The Copyright Act provides a list of types of works that are generally copyrightable, including literary, musical, and dramatic works.11 In contrast, authors should be aware of the types of works that are not eligible for copyright, such as facts, ideas,12 and works of the federal government.13 For instance, it would be difficult for an author to copyright the plotline of “boy meets girl,” though they might receive protection for the details that distinguish her story from the archetypal romance. In this vein, authors should take care to understand how detailed and original their work should be before it is entitled to protection, noting that “copyright rewards originality, not effort,”14 and that “effort…does not equal originality.”15 Furthermore, authors will do well to remember that their work may be subject to fair use.

In sum, authors should not be afraid of publishing their work online and expanding their audiences, as work that is original and fixed, even if it is not distributed in any way, is entitled to copyright protection.16 However, authors should be careful to check the terms of service of the digital platforms to which they post their work to ensure an understanding of their own rights in relation to those of the platforms. Authors also should be cognizant about the state in which they post their works—a finished original work may be protected, but rough ideas or outlines may not be. Ultimately, an author who wants to be sure of her rights may wish to register her copyright before sharing her work with her fans.
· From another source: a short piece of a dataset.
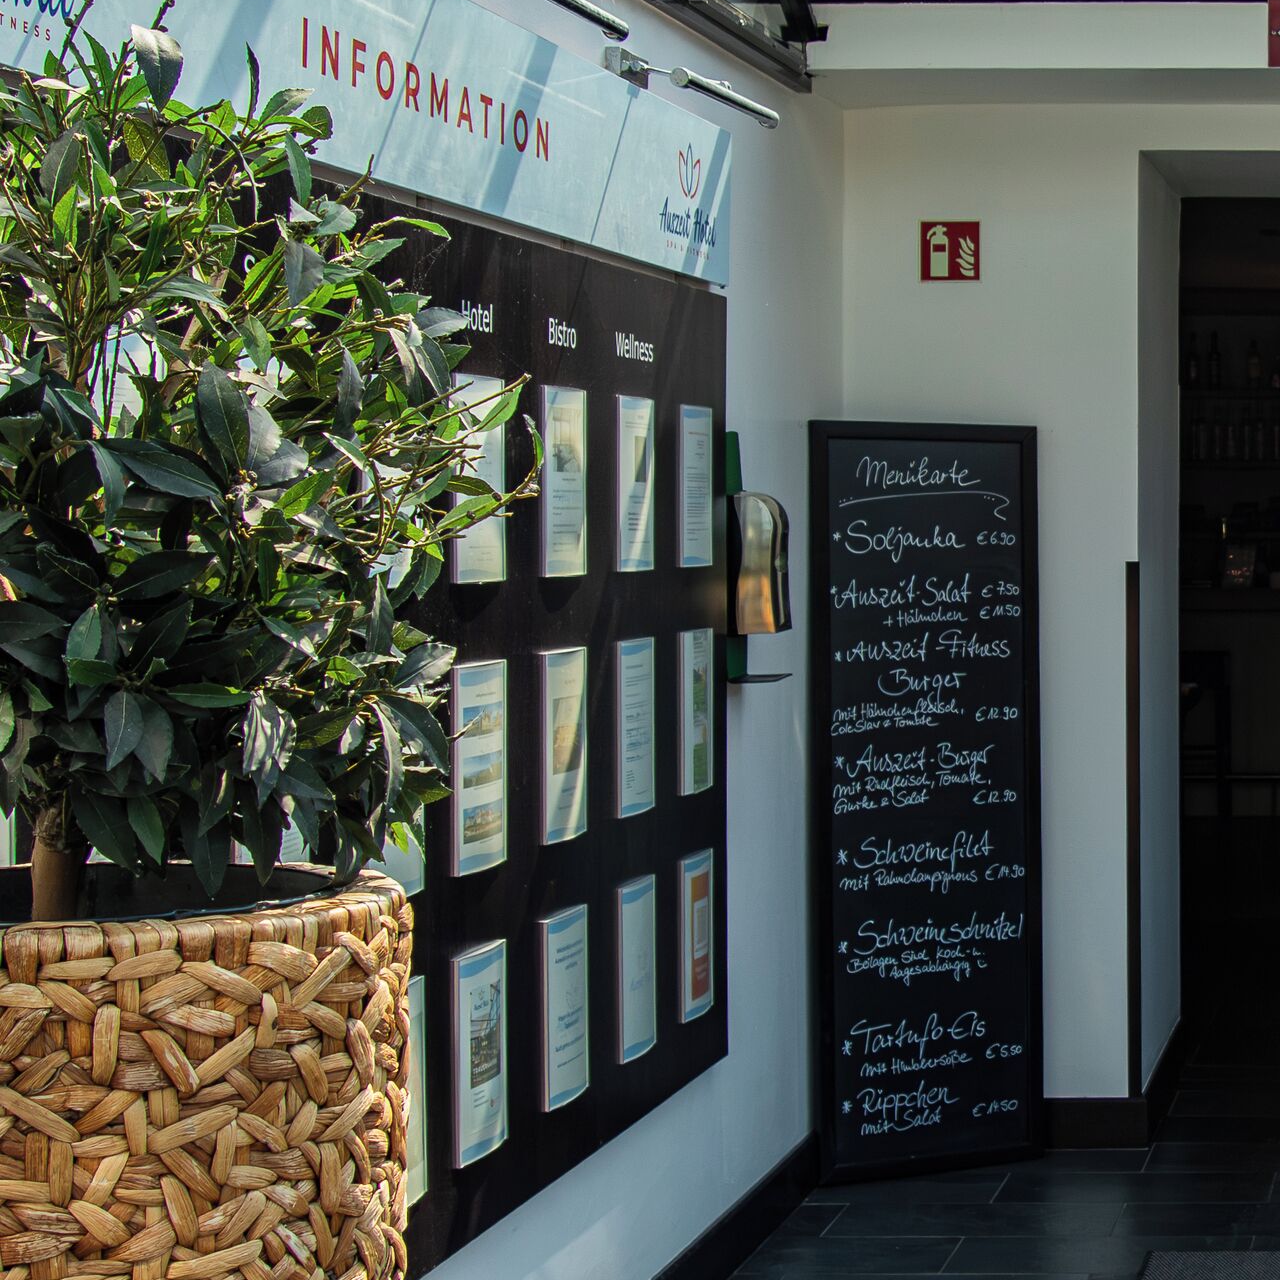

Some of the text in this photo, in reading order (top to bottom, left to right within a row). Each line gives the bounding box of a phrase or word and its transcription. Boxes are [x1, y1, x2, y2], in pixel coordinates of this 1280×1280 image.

  1. Lydia Pallas Loren & Joseph Scott Miller, Intellectual Property Law: Cases & Materials 321 (5th ed. Semaphore Press 2017).

  2. Id.

  3. Copyright Act of 1976, 17 U.S.C. § 102 (2012).

  4. Loren, supra note 1, at 364.

  5. Stopping Copyright Infringement, U.S. Copyright Off. (Mar. 10, 2010), [].

  6. Loren, supra note 1, at 324.

  7. Id. at 323-24.

  8. Id. at 325.

  9. Feist Publ’ns, Inc. v. Rural Tel. Service Co., Inc., 499 U.S. 340, 345 (1991).

  10. Id.

  11. Loren, supra note 1, at 327 (citing 17 U.S.C. §102(a)).

  12. Feist, 499 U.S. at 344.

  13. Loren, supra note 1, at 339.

  14. Feist, 499 U.S. at 363.

  15. Loren, supra note 1, at 339.

  16. Loren, supra note 1, at 364.

Allison Sweeney

Allison Sweeney is a second-year J.D. candidate at Fordham University School of Law, and a staff member of the Fordham Intellectual Property, Media, & Entertainment Law Journal.